▶ Exercise description
Leave out the pictures and reproduce all of the data exactly.

▶ Annotated photo localization data
++++++++++++++++++++

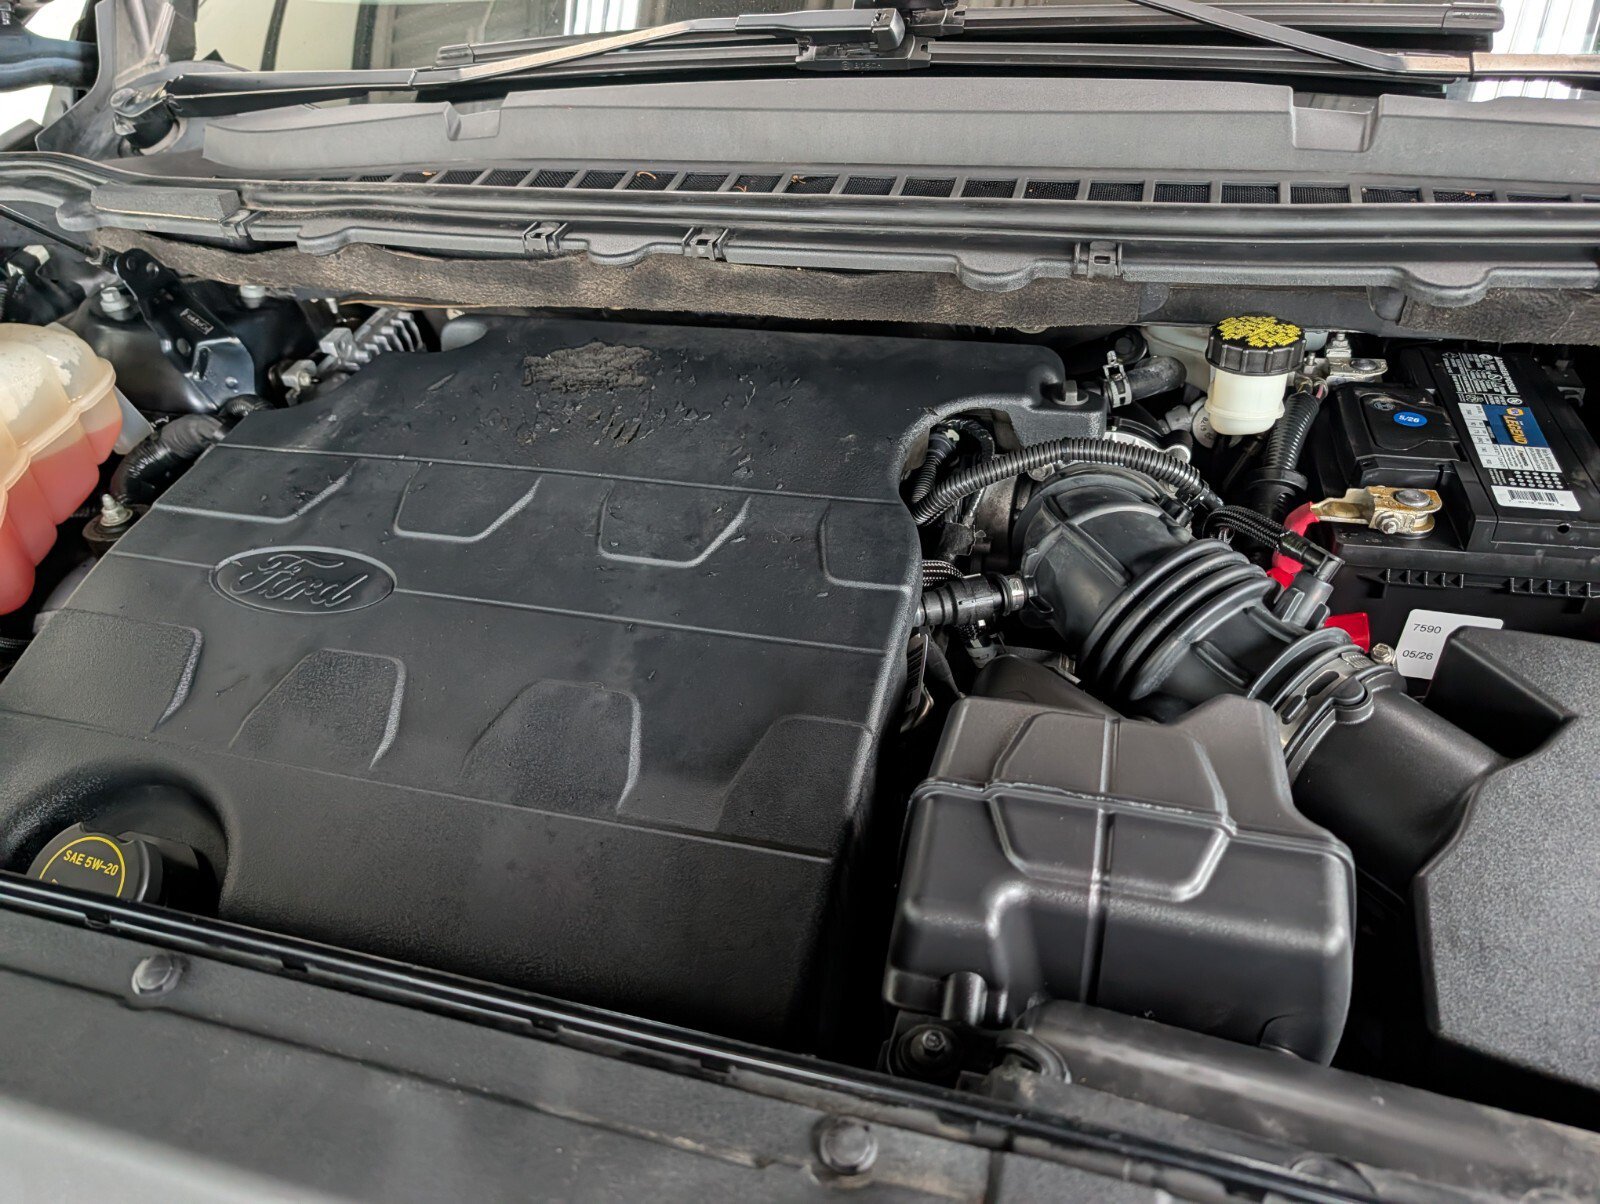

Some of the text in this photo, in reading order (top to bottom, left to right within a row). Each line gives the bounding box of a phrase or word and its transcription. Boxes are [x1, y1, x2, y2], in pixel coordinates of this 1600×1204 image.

[1398, 414, 1420, 423] 5/26
[1503, 415, 1528, 444] LEGEND
[230, 553, 368, 607] Ford
[1413, 623, 1442, 634] 7590
[1402, 649, 1434, 661] 05/26
[63, 850, 119, 876] SAE 5W-20

++++++++++++++++++++

▶ Solution to the problem
Some of the text in this photo, in reading order (top to bottom, left to right within a row). Each line gives the bounding box of a phrase or word and its transcription. Boxes are [x1, y1, x2, y2], in pixel coordinates of this 1600×1204 image.

[1398, 414, 1420, 423] 5/26
[1503, 415, 1528, 444] LEGEND
[230, 553, 368, 607] Ford
[1413, 623, 1442, 634] 7590
[1402, 649, 1434, 661] 05/26
[63, 850, 119, 876] SAE 5W-20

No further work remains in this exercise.